How to complete this task:
Images within the entries are to be omitted; the remainder must be reproduced exactly.

[Extracted entries — start]

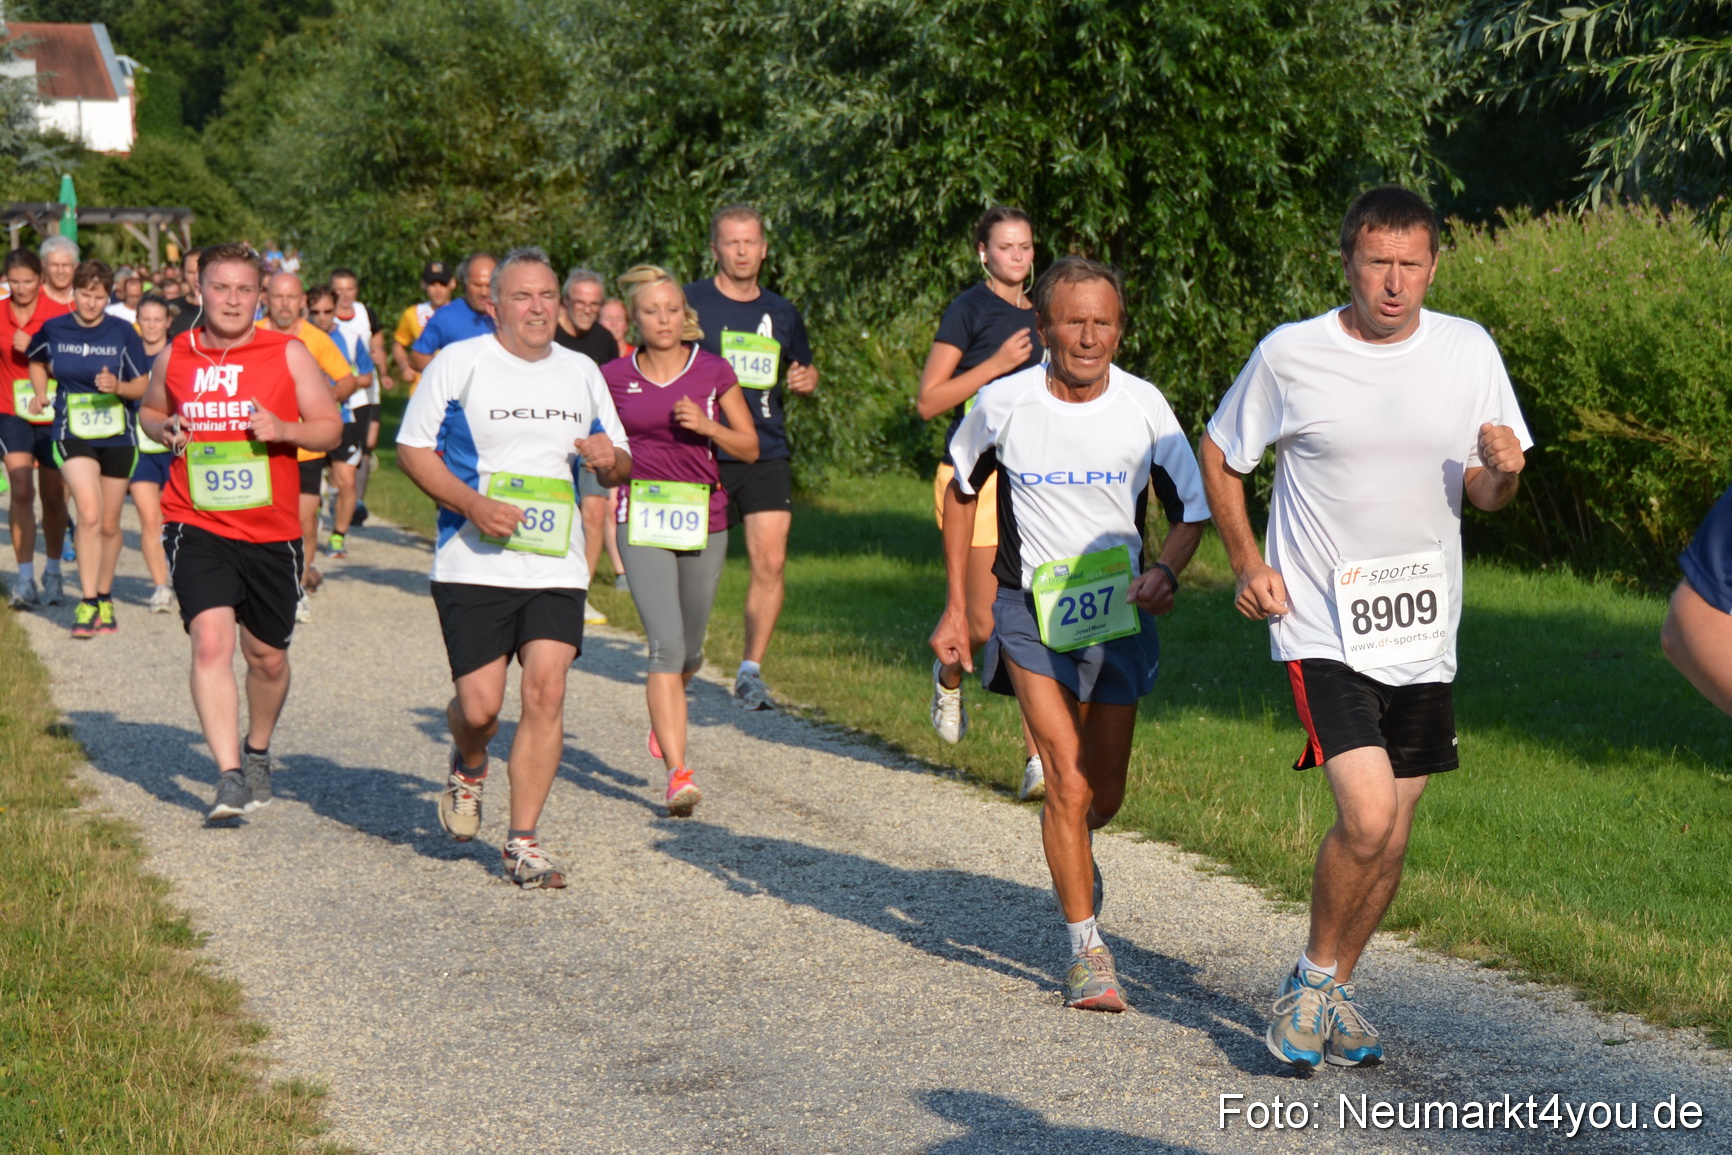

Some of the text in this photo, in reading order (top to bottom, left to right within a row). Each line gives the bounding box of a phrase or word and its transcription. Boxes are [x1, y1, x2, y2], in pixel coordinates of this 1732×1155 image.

[58, 343, 118, 356] EURO POLES
[729, 354, 772, 374] 1148
[193, 363, 244, 397] MRT
[80, 410, 113, 426] 375
[489, 408, 582, 423] DELPHI
[205, 469, 253, 492] 959
[1019, 471, 1127, 486] DELPHI
[522, 508, 556, 533] 68
[640, 508, 699, 532] 1109
[1340, 563, 1430, 586] df-sports
[1380, 576, 1406, 586] moderne
[1406, 571, 1443, 582] Zeitmessung
[1058, 586, 1115, 626] 287
[1350, 589, 1438, 635] 8909
[1349, 629, 1446, 652] www.df-sports.de
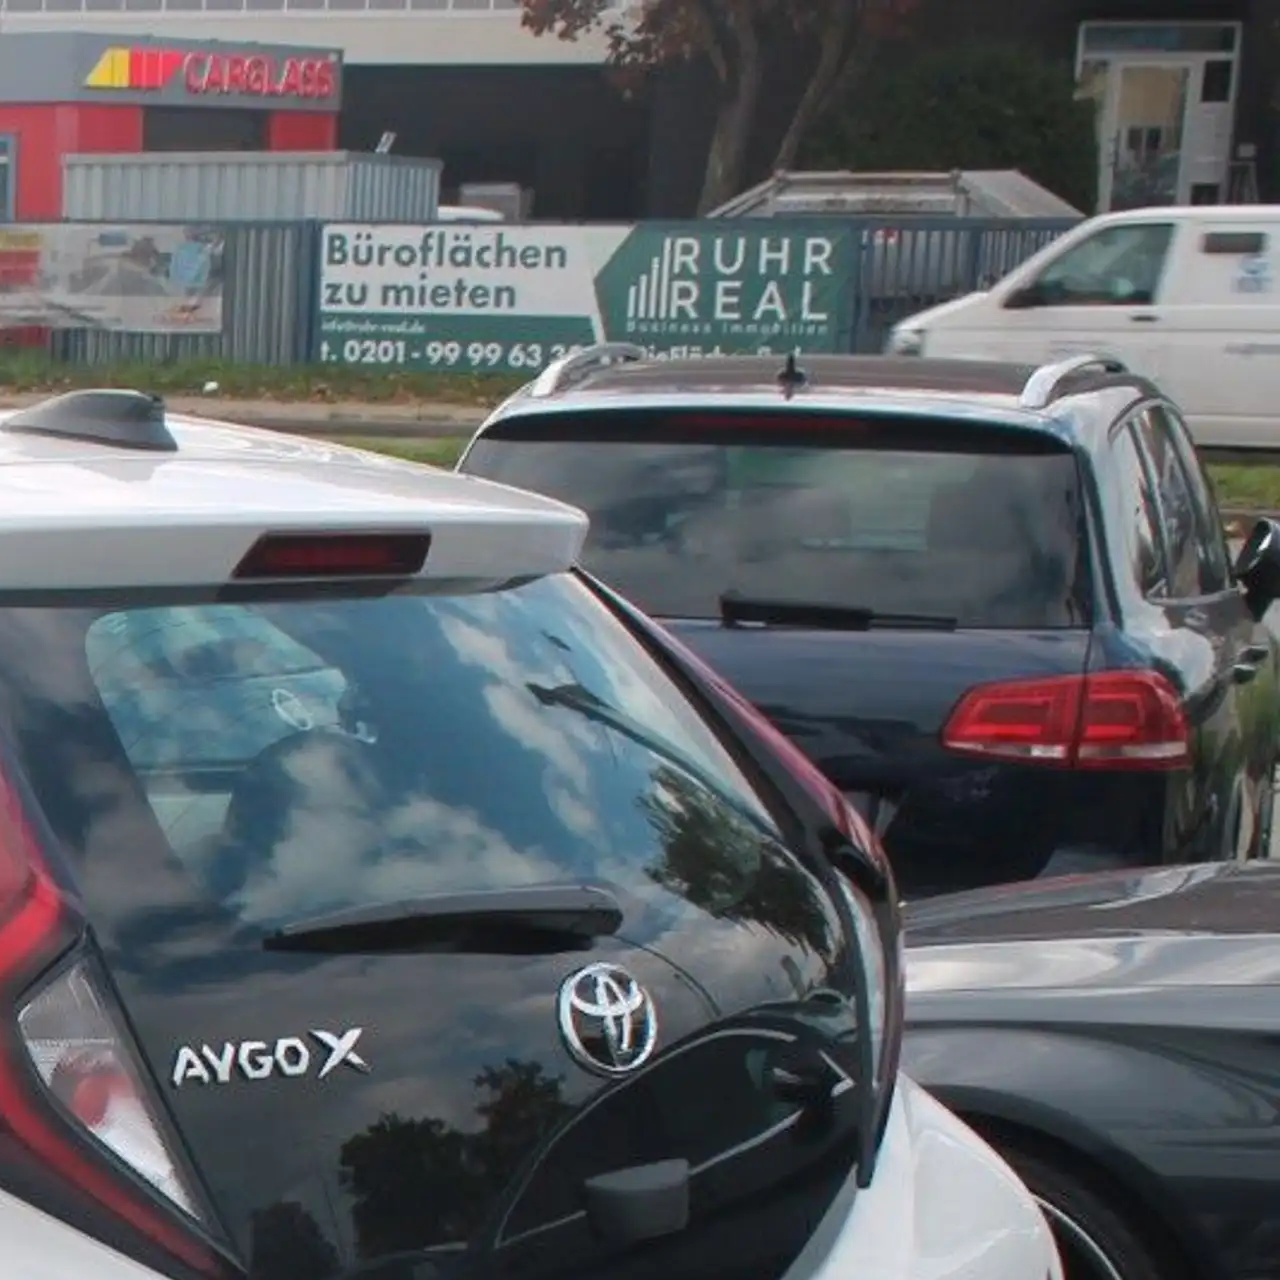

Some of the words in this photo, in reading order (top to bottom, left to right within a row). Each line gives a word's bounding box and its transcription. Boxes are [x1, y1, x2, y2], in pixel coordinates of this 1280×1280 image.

[Extracted entries — finish]

Expected output:
Some of the text in this photo, in reading order (top to bottom, left to right within a row). Each line gives the bounding box of a phrase or word and its transcription. Boxes are [x1, y1, x2, y2], in pixel coordinates of this 1732×1155 image.

[58, 343, 118, 356] EURO POLES
[729, 354, 772, 374] 1148
[193, 363, 244, 397] MRT
[80, 410, 113, 426] 375
[489, 408, 582, 423] DELPHI
[205, 469, 253, 492] 959
[1019, 471, 1127, 486] DELPHI
[522, 508, 556, 533] 68
[640, 508, 699, 532] 1109
[1340, 563, 1430, 586] df-sports
[1380, 576, 1406, 586] moderne
[1406, 571, 1443, 582] Zeitmessung
[1058, 586, 1115, 626] 287
[1350, 589, 1438, 635] 8909
[1349, 629, 1446, 652] www.df-sports.de

Some of the words in this photo, in reading order (top to bottom, left to right within a row). Each line gives a word's bounding box and its transcription. Boxes are [x1, y1, x2, y2], in pixel coordinates of this 1280×1280 image.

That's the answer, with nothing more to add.